**WHAT THE TASK REQUIRES**
The expected reply is all of the data, returned exactly.

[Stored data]
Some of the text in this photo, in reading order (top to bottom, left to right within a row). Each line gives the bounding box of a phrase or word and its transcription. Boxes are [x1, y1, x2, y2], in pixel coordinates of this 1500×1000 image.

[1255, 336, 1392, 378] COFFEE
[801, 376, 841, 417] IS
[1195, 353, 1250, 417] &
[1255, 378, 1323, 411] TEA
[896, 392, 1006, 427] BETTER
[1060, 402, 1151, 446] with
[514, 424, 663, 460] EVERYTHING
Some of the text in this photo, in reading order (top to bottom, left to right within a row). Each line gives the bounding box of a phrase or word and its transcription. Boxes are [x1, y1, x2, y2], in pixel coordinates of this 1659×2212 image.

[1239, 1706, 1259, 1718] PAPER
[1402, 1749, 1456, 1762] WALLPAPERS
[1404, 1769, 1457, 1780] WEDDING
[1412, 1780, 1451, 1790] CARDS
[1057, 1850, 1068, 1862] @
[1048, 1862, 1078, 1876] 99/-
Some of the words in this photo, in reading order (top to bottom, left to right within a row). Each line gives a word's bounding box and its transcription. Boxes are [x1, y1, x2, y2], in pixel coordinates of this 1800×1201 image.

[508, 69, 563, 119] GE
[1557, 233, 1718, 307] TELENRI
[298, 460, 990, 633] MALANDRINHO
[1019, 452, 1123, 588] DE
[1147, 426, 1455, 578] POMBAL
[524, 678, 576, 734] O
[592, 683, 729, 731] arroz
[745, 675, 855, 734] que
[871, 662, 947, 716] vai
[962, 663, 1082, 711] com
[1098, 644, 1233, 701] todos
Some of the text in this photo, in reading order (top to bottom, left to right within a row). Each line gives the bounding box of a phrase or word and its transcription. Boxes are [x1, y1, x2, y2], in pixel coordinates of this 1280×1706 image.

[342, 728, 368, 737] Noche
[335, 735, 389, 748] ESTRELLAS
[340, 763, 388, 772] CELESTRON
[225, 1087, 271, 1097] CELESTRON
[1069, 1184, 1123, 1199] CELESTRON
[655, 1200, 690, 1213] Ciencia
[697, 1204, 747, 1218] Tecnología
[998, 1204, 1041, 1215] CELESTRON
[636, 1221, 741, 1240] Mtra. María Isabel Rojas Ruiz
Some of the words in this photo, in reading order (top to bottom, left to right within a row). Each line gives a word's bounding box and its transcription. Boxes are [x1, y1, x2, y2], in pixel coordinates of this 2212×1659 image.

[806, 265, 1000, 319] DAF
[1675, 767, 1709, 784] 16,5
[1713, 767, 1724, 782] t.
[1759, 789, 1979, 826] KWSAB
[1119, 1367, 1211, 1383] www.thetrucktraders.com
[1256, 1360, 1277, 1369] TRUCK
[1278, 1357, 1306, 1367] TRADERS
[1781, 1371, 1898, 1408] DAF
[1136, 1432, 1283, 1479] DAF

**OUTPUT BELOW**
Some of the text in this photo, in reading order (top to bottom, left to right within a row). Each line gives the bounding box of a phrase or word and its transcription. Boxes are [x1, y1, x2, y2], in pixel coordinates of this 1500×1000 image.

[1255, 336, 1392, 378] COFFEE
[801, 376, 841, 417] IS
[1195, 353, 1250, 417] &
[1255, 378, 1323, 411] TEA
[896, 392, 1006, 427] BETTER
[1060, 402, 1151, 446] with
[514, 424, 663, 460] EVERYTHING
Some of the text in this photo, in reading order (top to bottom, left to right within a row). Each line gives the bounding box of a phrase or word and its transcription. Boxes are [x1, y1, x2, y2], in pixel coordinates of this 1659×2212 image.

[1239, 1706, 1259, 1718] PAPER
[1402, 1749, 1456, 1762] WALLPAPERS
[1404, 1769, 1457, 1780] WEDDING
[1412, 1780, 1451, 1790] CARDS
[1057, 1850, 1068, 1862] @
[1048, 1862, 1078, 1876] 99/-
Some of the words in this photo, in reading order (top to bottom, left to right within a row). Each line gives a word's bounding box and its transcription. Boxes are [x1, y1, x2, y2], in pixel coordinates of this 1800×1201 image.

[508, 69, 563, 119] GE
[1557, 233, 1718, 307] TELENRI
[298, 460, 990, 633] MALANDRINHO
[1019, 452, 1123, 588] DE
[1147, 426, 1455, 578] POMBAL
[524, 678, 576, 734] O
[592, 683, 729, 731] arroz
[745, 675, 855, 734] que
[871, 662, 947, 716] vai
[962, 663, 1082, 711] com
[1098, 644, 1233, 701] todos
Some of the text in this photo, in reading order (top to bottom, left to right within a row). Each line gives the bounding box of a phrase or word and its transcription. Boxes are [x1, y1, x2, y2], in pixel coordinates of this 1280×1706 image.

[342, 728, 368, 737] Noche
[335, 735, 389, 748] ESTRELLAS
[340, 763, 388, 772] CELESTRON
[225, 1087, 271, 1097] CELESTRON
[1069, 1184, 1123, 1199] CELESTRON
[655, 1200, 690, 1213] Ciencia
[697, 1204, 747, 1218] Tecnología
[998, 1204, 1041, 1215] CELESTRON
[636, 1221, 741, 1240] Mtra. María Isabel Rojas Ruiz
Some of the words in this photo, in reading order (top to bottom, left to right within a row). Each line gives a word's bounding box and its transcription. Boxes are [x1, y1, x2, y2], in pixel coordinates of this 2212×1659 image.

[806, 265, 1000, 319] DAF
[1675, 767, 1709, 784] 16,5
[1713, 767, 1724, 782] t.
[1759, 789, 1979, 826] KWSAB
[1119, 1367, 1211, 1383] www.thetrucktraders.com
[1256, 1360, 1277, 1369] TRUCK
[1278, 1357, 1306, 1367] TRADERS
[1781, 1371, 1898, 1408] DAF
[1136, 1432, 1283, 1479] DAF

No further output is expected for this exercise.